(Beginning of The data)

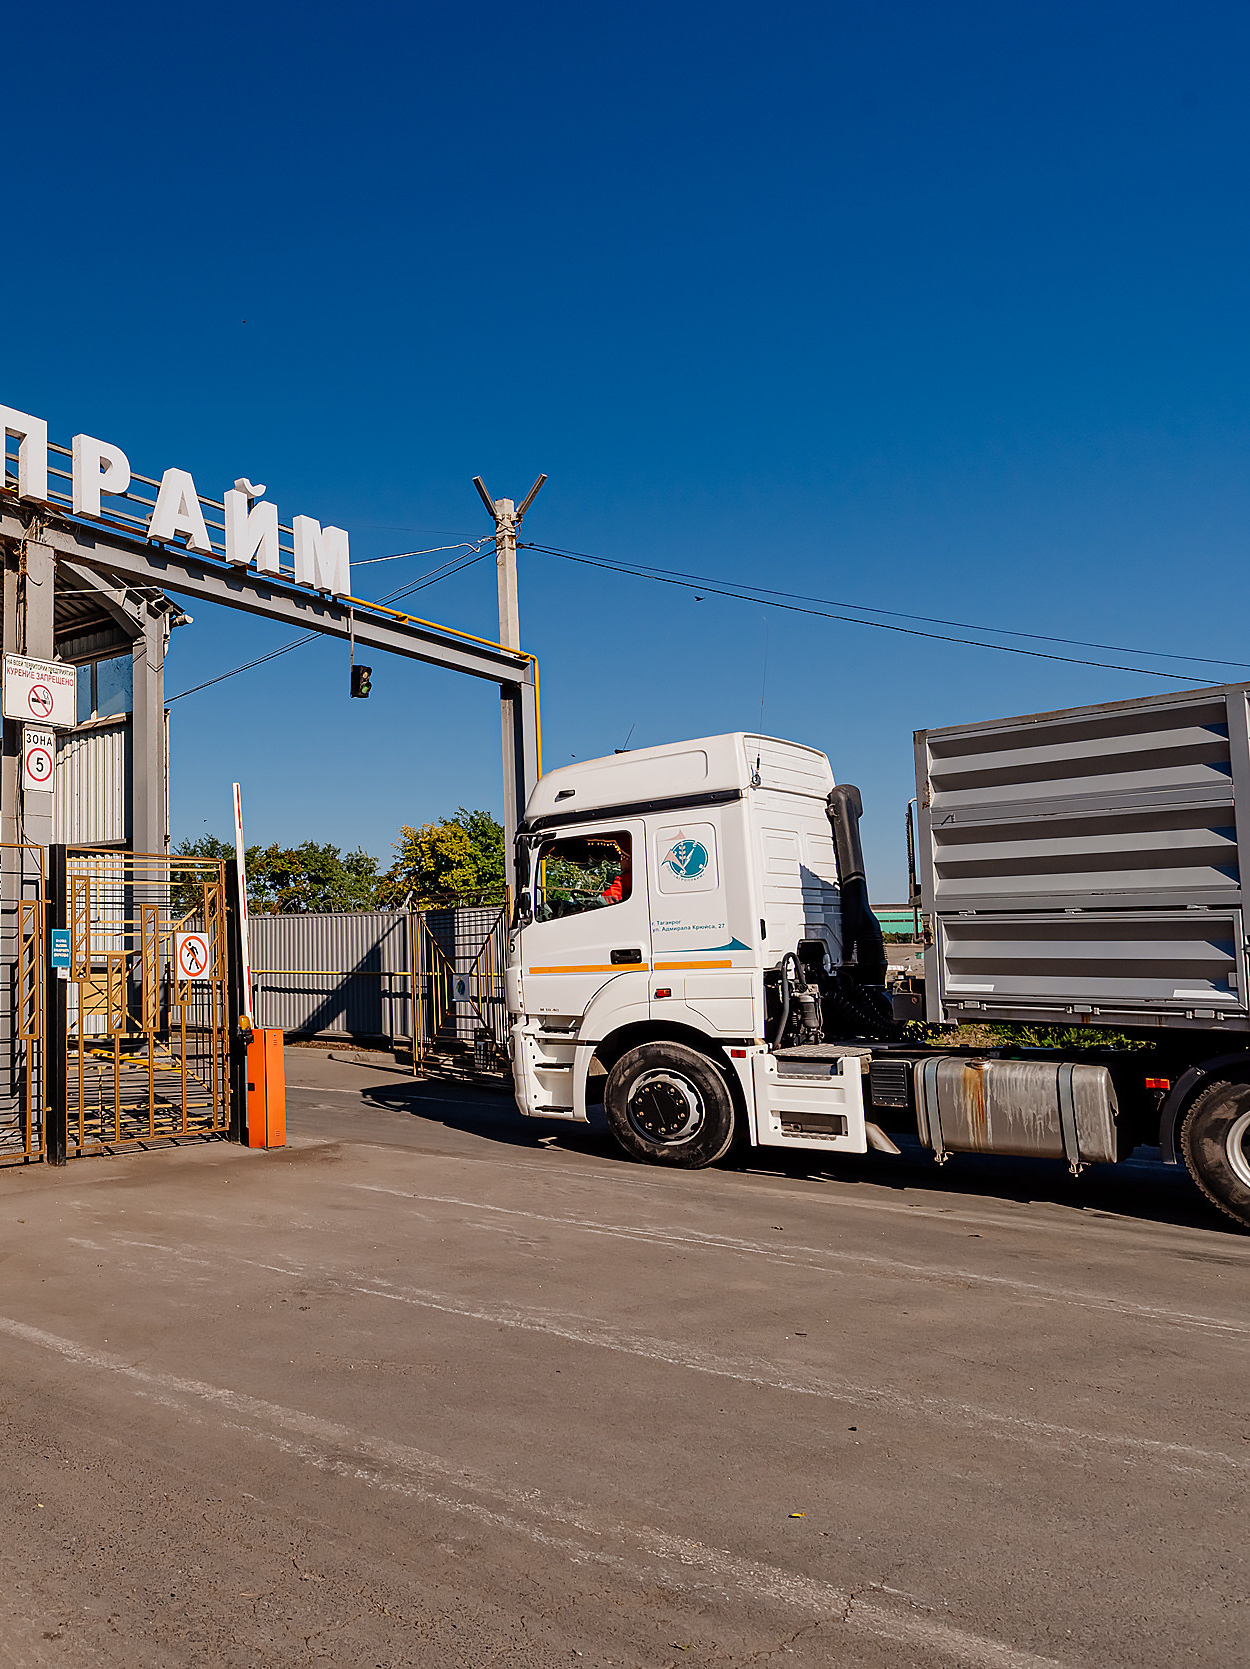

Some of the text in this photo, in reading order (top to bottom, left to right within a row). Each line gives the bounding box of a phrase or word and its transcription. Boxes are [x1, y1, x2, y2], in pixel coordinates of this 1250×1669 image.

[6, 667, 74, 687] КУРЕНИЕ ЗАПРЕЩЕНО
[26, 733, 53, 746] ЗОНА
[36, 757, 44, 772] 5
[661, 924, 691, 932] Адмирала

(End of The data)

Write out every entry again word for word, without any of the pictures.

--- Exercise output ---
Some of the text in this photo, in reading order (top to bottom, left to right within a row). Each line gives the bounding box of a phrase or word and its transcription. Boxes are [x1, y1, x2, y2], in pixel coordinates of this 1250×1669 image.

[6, 667, 74, 687] КУРЕНИЕ ЗАПРЕЩЕНО
[26, 733, 53, 746] ЗОНА
[36, 757, 44, 772] 5
[661, 924, 691, 932] Адмирала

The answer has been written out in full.